Malaria deaths dropped significantly after the introduction in the late 1990s of artemisinin-combination therapy (ACT) – which combines artemisinin, the most effective drug against malaria, with another anti-malaria drug such as piperaquine.
However, in 2014, the Tracking Resistance to Artemisinin Collaboration (TRAC) study reported in the New England Journal of Medicine (NEJM) that artemisinin resistance in Plasmodium falciparum – the most deadly form of parasite causing malaria and the one most prevalent in Africa and Asia – was widespread across the Greater Mekong Subregion.
Since then, global progress against malaria has stalled.
In fact, the number of cases globally has risen steadily for the past three years, with an estimated 219 million malaria cases (up from 217 million in 2016) and 435,000 related deaths in 2017. Most of these were children under the age of five in sub-Saharan Africa, according to the WHO World Malaria Report 2018.

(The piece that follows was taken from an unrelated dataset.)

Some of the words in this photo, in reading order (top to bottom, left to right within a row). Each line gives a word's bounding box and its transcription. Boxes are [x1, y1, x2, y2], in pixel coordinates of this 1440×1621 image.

Prof Arjen Dondorp, study co-author and deputy director of the Bangkok-based Mahidol Oxford Tropical Medicine Research Unit (MORU), said: “DHA-piperaquine is failing and should no longer be used to treat falciparum malaria across the eastern Greater Mekong Subregion. It provides ineffective treatment for the patient and thereby contributes to increased malaria transmission.
“his has immediate public health importance, so we felt we should not wait to report this until we published our full TRAC II results later this year,” he said.

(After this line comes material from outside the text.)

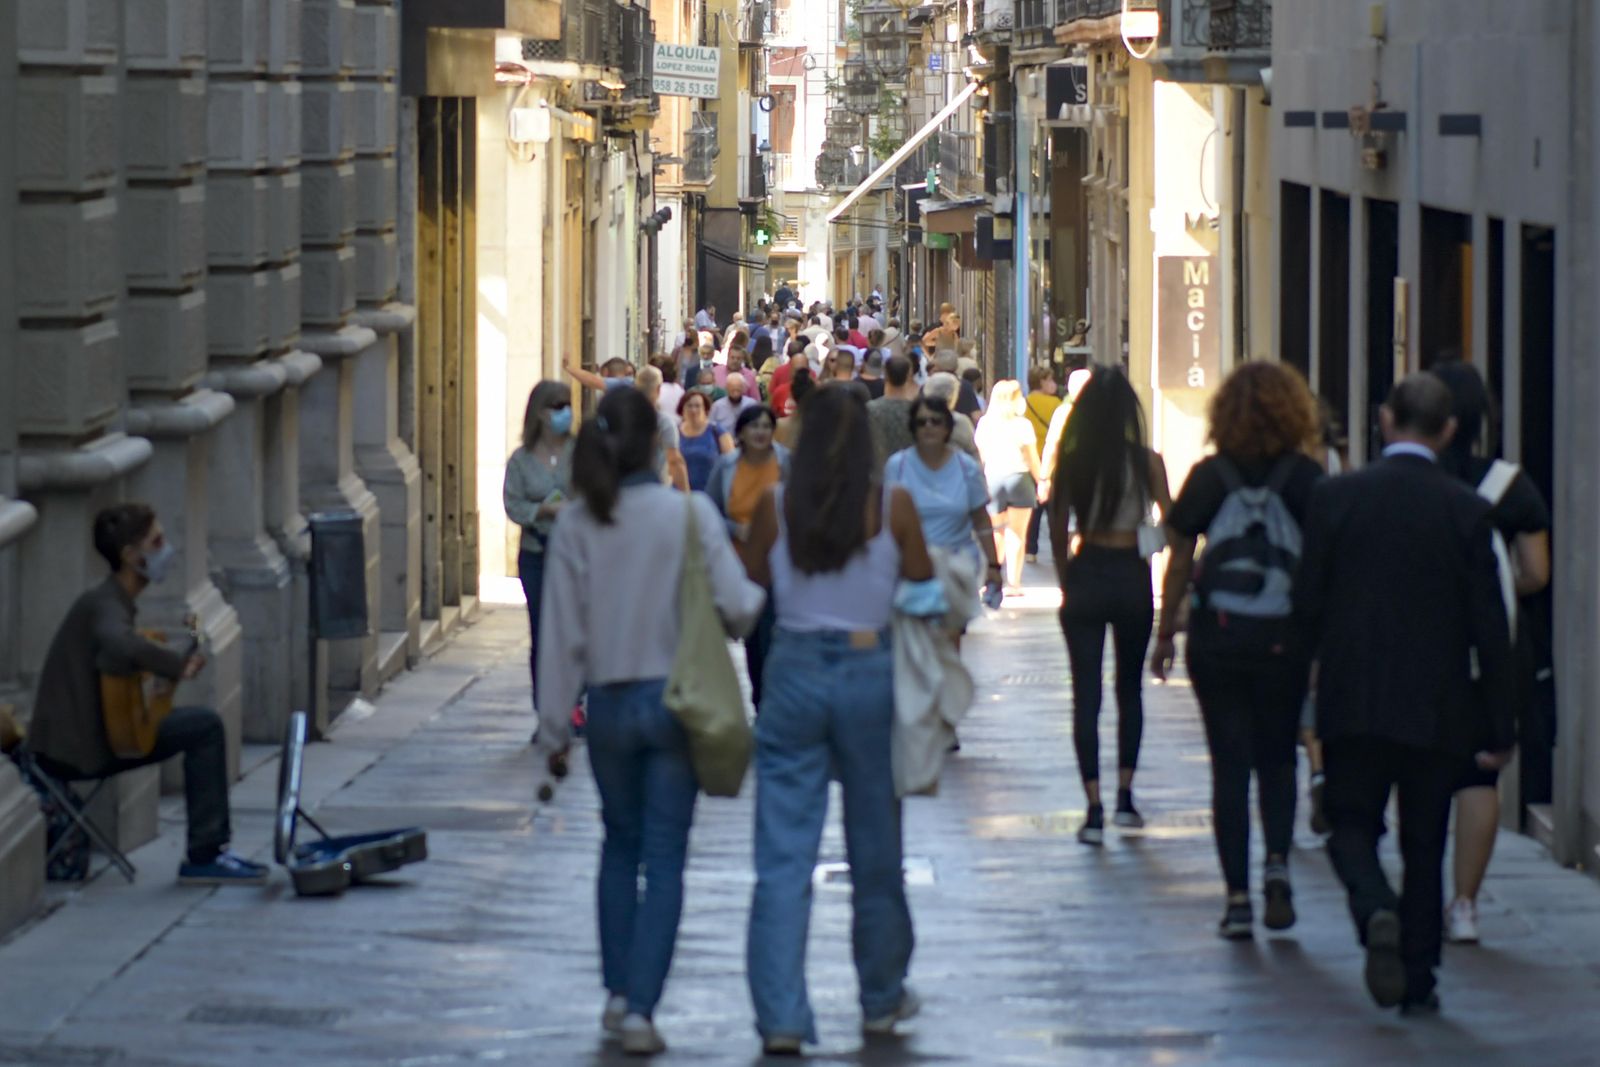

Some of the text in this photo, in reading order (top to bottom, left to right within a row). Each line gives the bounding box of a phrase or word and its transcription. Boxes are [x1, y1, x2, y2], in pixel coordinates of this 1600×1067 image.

[657, 45, 717, 61] ALQUILA
[656, 62, 716, 74] LOPEZ ROMAN
[654, 80, 715, 95] 958 26 53 55

DHA-piperaquine is a drug used in artemisinin combination treatment that is on the WHO’s List of Essential Medicines. It is used to treat falciparum and vivax malaria in Africa and Asia and in large-scale pilot programs to eliminate malaria in the Greater Mekong Subregion.
Researchers have said that although there have yet to be reports of artemisinin resistance in Africa, they want to eliminate these highly drug-resistant falciparum parasites in Southeast Asia to preserve the effectiveness of DHA-piperaquine and other ACTs in Africa and elsewhere in Asia – to prevent a global health emergency.
‘Cradle of drug-resistance’
“Southeast Asia is the cradle of anti-malarial drug resistance. We must eliminate falciparum malaria before it becomes untreatable in the Greater Mekong Subregion and elsewhere in Asia,” study co-author and TRAC II coordinator Dr Rob van der Pluijm said.
“This is the third time that the falciparum parasite has developed resistance on a large scale to anti-malarial drugs: First, chloroquine and sulphadoxine-pyrimethamine arose and spread in the 60s and 70s, and now resistance has emerged to artemisinins and ACT partner drugs. We must get rid of these parasites once and for all,” he said.
In a companion paper in The Lancet Infectious Diseases, Wellcome Sanger Institute researchers report that the strain of falciparum malaria which has become DHA-piperaquine resistant, which they call KEL1/PLA1, has evolved and spread widely in recent years after it was first found in Cambodia.
The parasites have acquired mutated and produced an even higher level of resistance, allowing them to spread across the Greater Mekong Subregion.
“Genetic surveillance data shows that resistant falciparum parasites are evolving further, developing new mutations that make them fitter and more resistant, and enabling them to spread regionally, and take over entire parasite populations,” said University of Oxford Prof Olivo Miotto, study co-author and Senior Informatics Fellow at MORU.
“We must act quickly to stop the situation getting worse.”